Exercise aim: Give back the full listing verbatim, apart from its images.

Provided material:
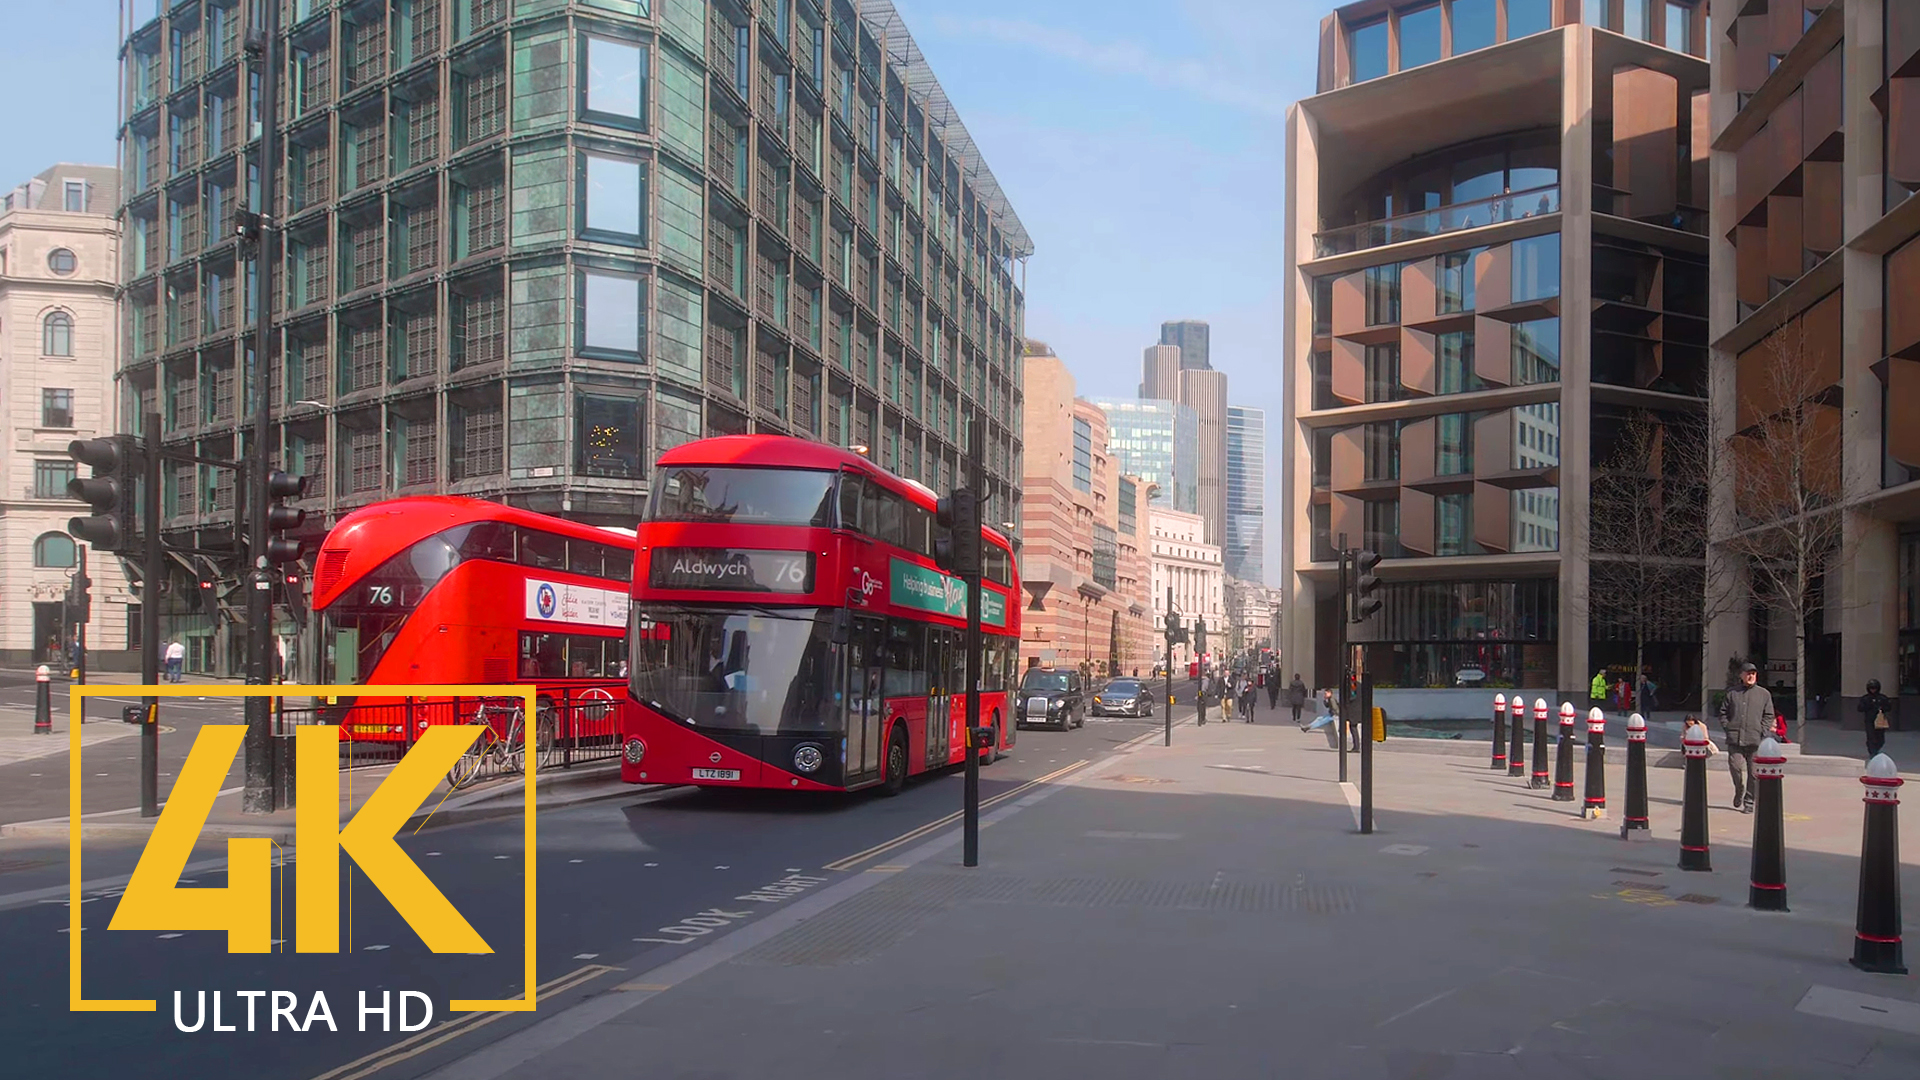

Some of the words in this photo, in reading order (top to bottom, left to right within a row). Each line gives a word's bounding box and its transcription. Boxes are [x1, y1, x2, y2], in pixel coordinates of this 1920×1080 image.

[672, 558, 747, 579] Aldwych
[774, 559, 805, 583] 76
[370, 586, 392, 605] 76
[632, 908, 754, 944] LOOK
[734, 873, 828, 903] RIGHT
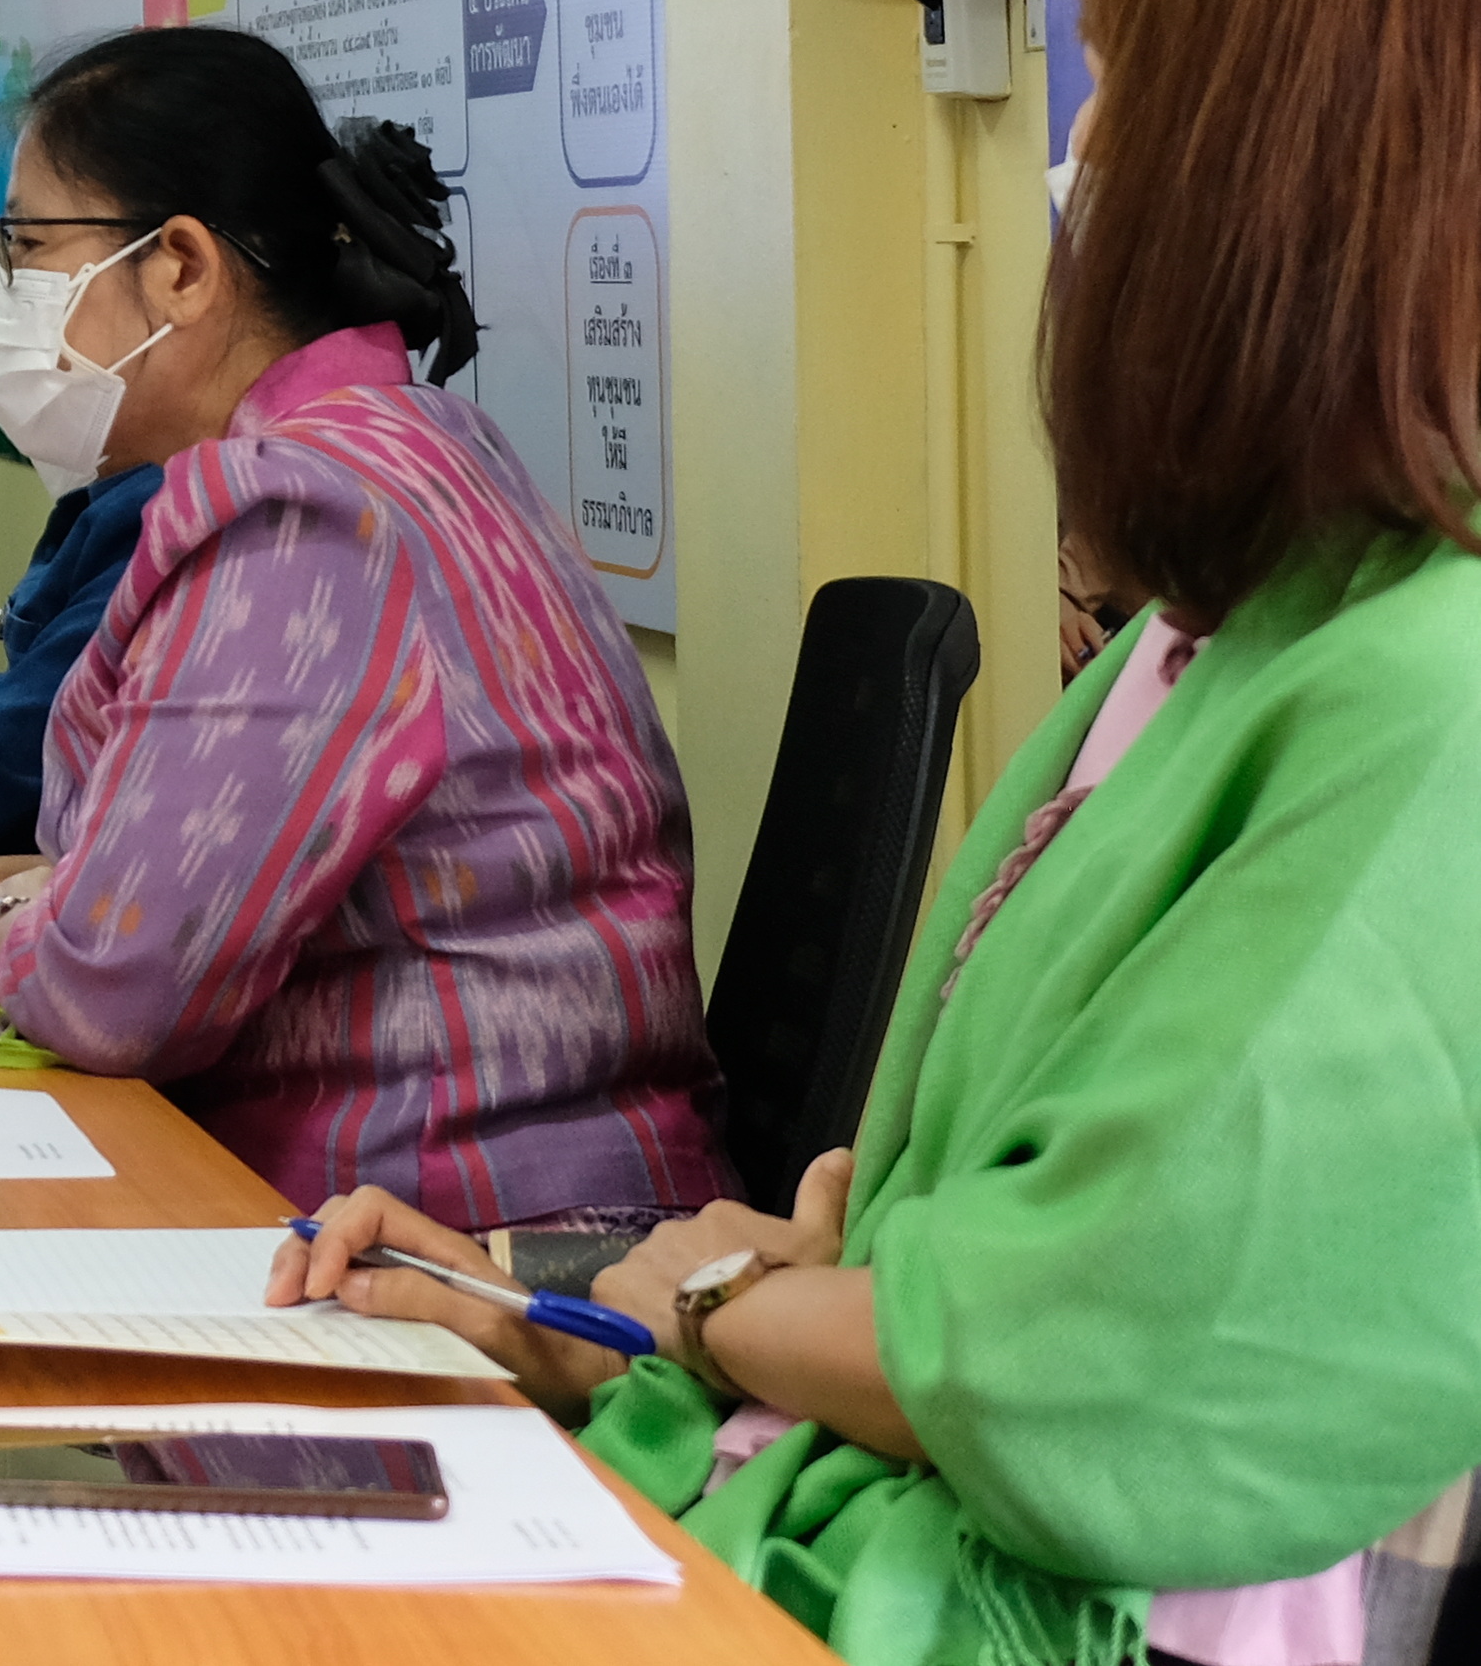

Expected answer:
Some of the words in this photo, in reading order (top to bottom, left to right within a row). Each line gives a word's bounding box and its transcription. Boxes are [x1, y1, x2, y2], in pixel coordinates of this 1920×1080 image.

[672, 558, 747, 579] Aldwych
[774, 559, 805, 583] 76
[370, 586, 392, 605] 76
[632, 908, 754, 944] LOOK
[734, 873, 828, 903] RIGHT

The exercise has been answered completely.